Marx noted in the Contribution to the Critique of Hegel's Philosophy of Right: "Man creates religion, religion does not create man." When the "Big Other" retreats, all glory and demands formerly attributed to God are reclaimed by humanity itself:

  • "God's purpose" → civilization visions humanity sets for itself;
  • "Sacred law" → ethical agreements we voluntarily forge and iterate;
  • "Final judgment" → the real reverberations behaviors produce in history and ecology.

What we call divinity is merely the sublime code about hope that humanity wrote for itself when facing the abyss of existence.


Conclusion: Weaving a Web of Meaning Above the Void

The essence of religion has never been to provide a ready-made answer. It is humanity's tragic yet heroic effort — having realized the universe has no pre-set meaning, still choosing to actively weave a web of meaning.
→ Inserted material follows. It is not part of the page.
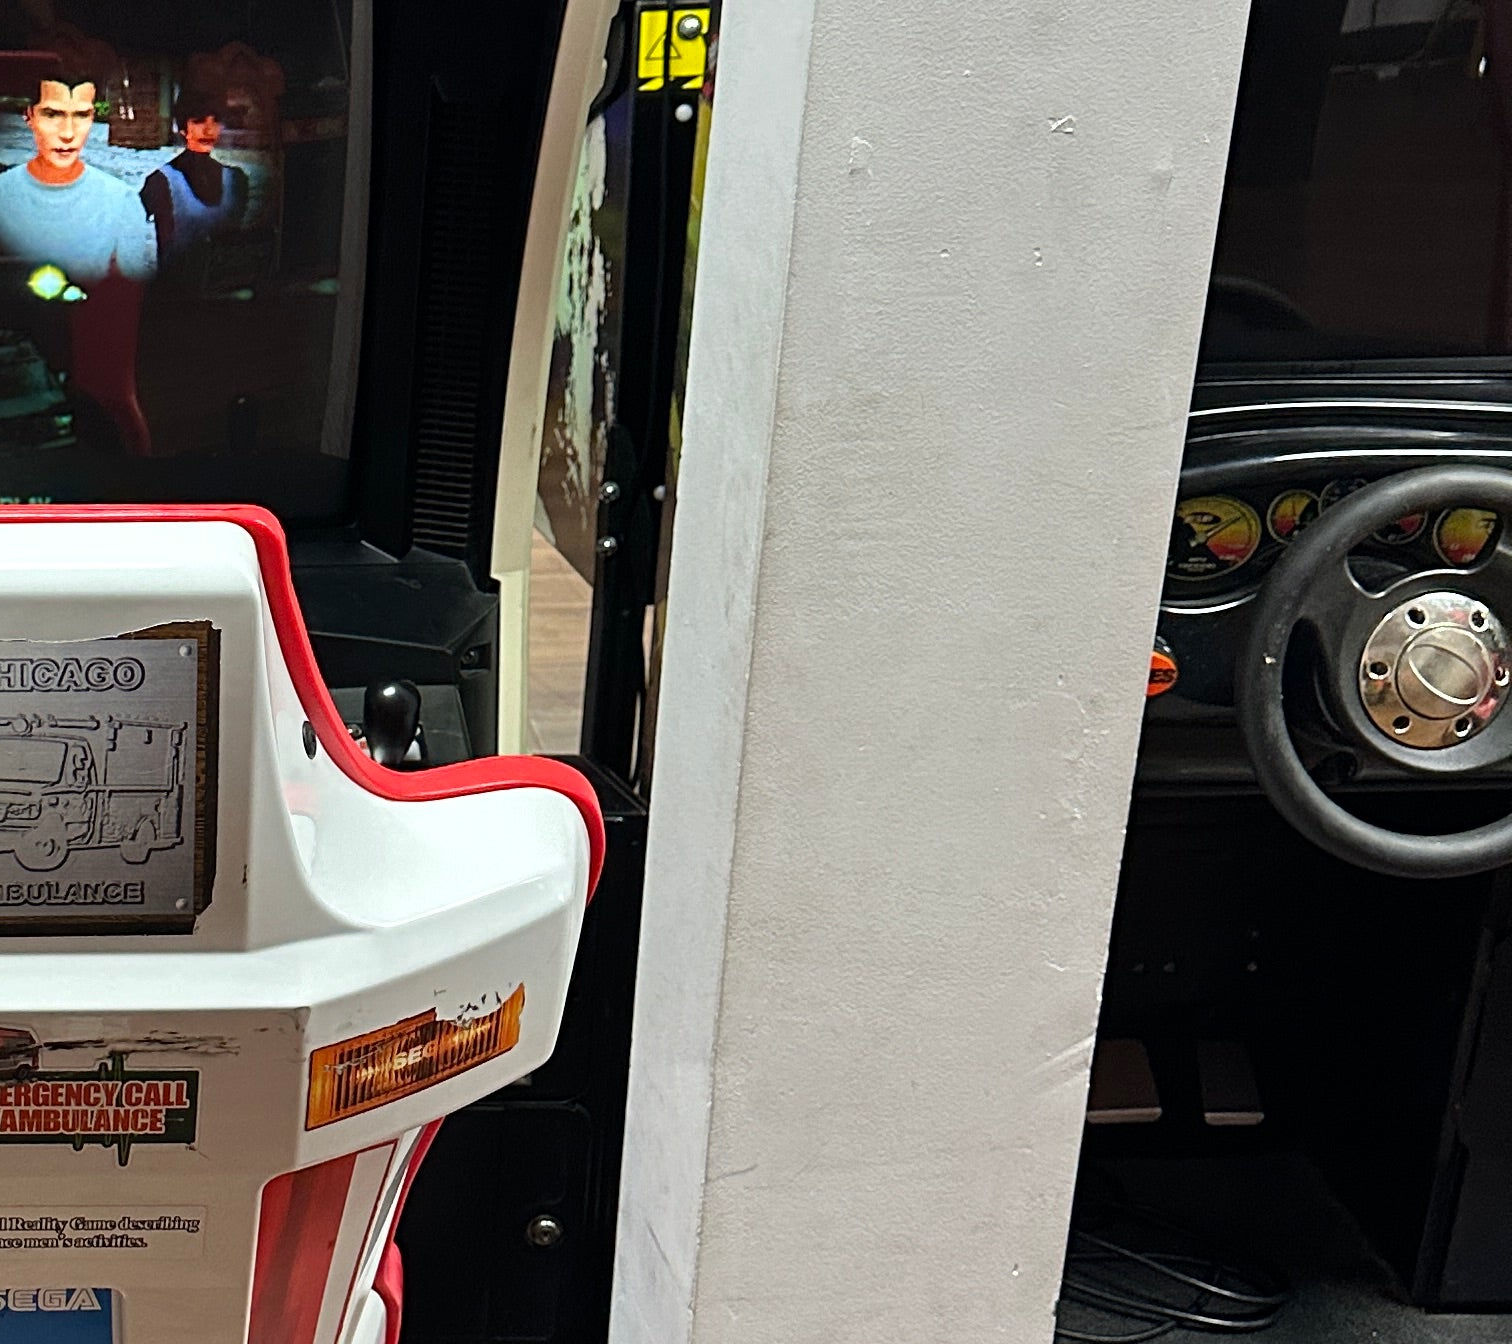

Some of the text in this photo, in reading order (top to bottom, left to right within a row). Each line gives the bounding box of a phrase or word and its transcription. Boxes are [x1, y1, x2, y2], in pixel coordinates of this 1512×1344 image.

This web is woven from memes, with neural networks as warp and weft, ethical practice as knots. It is destined to have holes, to sway in the wind, and eventually to decay — yet precisely in the process of weaving, humanity transcends biological survival and touches the glimmer of divinity.

And we are the only beings in this world who suffer for "meaning" and also rejoice for "meaning." Religion is merely the oldest and most resilient thread in this eternal weaving.

Peak nurtures hypocritical adherents; dusk witnesses devout believers. The bravest moment of faith begins when He acknowledges that the heavens He gazes upon are but light and shadow projected by the human heart.